Designs that accommodate the COVID-induced lifestyle of working and learning from home are the latest trends in kitchens and baths.

“Most of our customers are working from home or helping their families with remote learning,” said Andy Johnson, CEO of StoneWorks, in written responses to questions about kitchen and bath trends. “We’re seeing more kitchen designs with open layouts and plenty of countertop space. Customers also want a kitchen that’s easy to keep clean and take care of.”

A report by the National Kitchen and Bath Association supports the trend. The trade association surveyed its members last fall about the impact of COVID on kitchen and bath design. Nearly threequarters of designers are seeing more interest from customers to invest in their homes, NKBA said.

“Homeowners are willing to invest in their home because of COVID, especially for easy-to-clean surfaces, flexible workspaces, enhanced outdoor living areas and better storage solutions,” NKBA said in its Design Trends 2021 report.

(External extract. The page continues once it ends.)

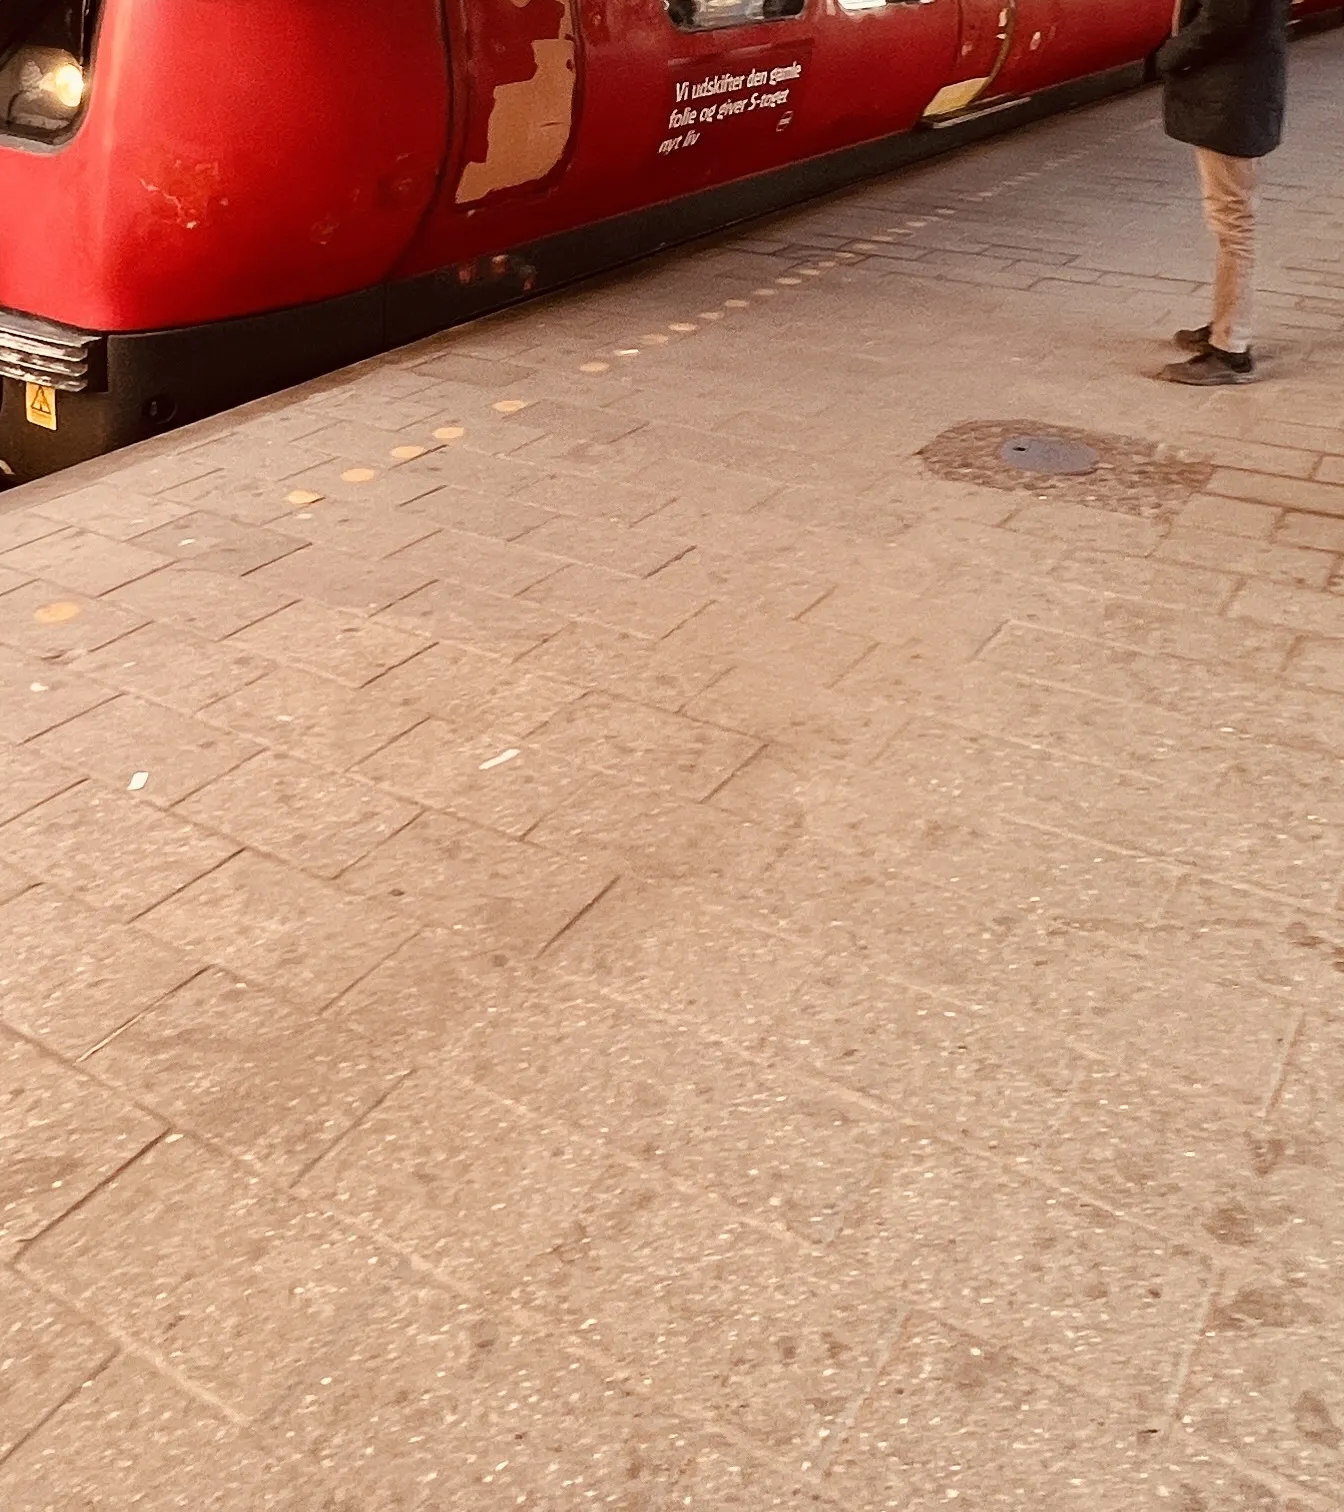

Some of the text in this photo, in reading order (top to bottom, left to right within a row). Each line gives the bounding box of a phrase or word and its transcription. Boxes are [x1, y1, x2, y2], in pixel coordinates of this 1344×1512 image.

Another outcome of the pandemic is a hot real estate market that includes the Hilton Head-Bluffton area. Pending sales were up nearly 43 percent, yearto- date in February, according to the Hilton Head MLS. People are buying and updating older homes. NKBA’s report showed that 71 percent of renovation projects were on homes more than 11 years old.

“In recent years, the trend has leaned more heavily in favor of updated-renovated resale homes,” said Chip Collins, Owner/Broker of Collins Group Realty, in written responses to questions. “Now, as we see buyers eager to enter the market due to historically low inventory, they don’t have many opportunities to be selective. Many buyers are seizing the opportunity just to get into a specific community, or property type, that fits within their budget when something comes on the market.”

When customers buy existing homes, redesigning kitchen and bath space is at the top of the list, Johnson said.

Kitchens are trending to more open layouts with larger islands and other conversation areas. The designs will incorporate “minimalistic styles and touches of organic or natural materials,” according to NKBA. Kitchens will also have more dedicated device charging and viewing, video communications and “emergency power for the refrigerator.”


Other priorities include separate workspaces, enhanced technology, and expanded storage, NKBA reported.

“Consumers are prioritizing functionality in their kitchen spaces,” Johnson said. “While working from home, they are picking up their laptop and moving throughout the house to find a quiet place to work.”

In the bathroom people are removing tubs to increase shower space. They are also connecting closet and bathroom areas.

“Technology remains key, especially for smart controls for floor/shower temperature, water conservation, motion sensor lighting and leak detector sensors with mobile alerts,” NKBA reported.

home4Homeowners want bathrooms that are relaxing. Designs “that promote a clean and calm feeling” are popular. “We’re seeing our customers redesign their bath spaces to create a spa-like environment, especially by selecting quartz or quartzite countertops,” said Kim Thorn, sales designer at StoneWorks.

Outside, homeowners are creating new spaces or upgrading old ones, NKBA reported. Customers are putting in enhanced seating areas, outdoor kitchens, fireplace/fire pits and protection from the weather for extended use.

Homeowners in the Hilton Head-Bluffton area may not want to wait too long to begin their projects because of the heightened demand for renovations.

“If you are thinking of recreating a space, we recommend meeting with a designer as soon as possible to start planning your project,” said Johnson of StoneWorks. “There are many homeowners looking to get started on a redesign project, so it is a busy time of the year to remodel.”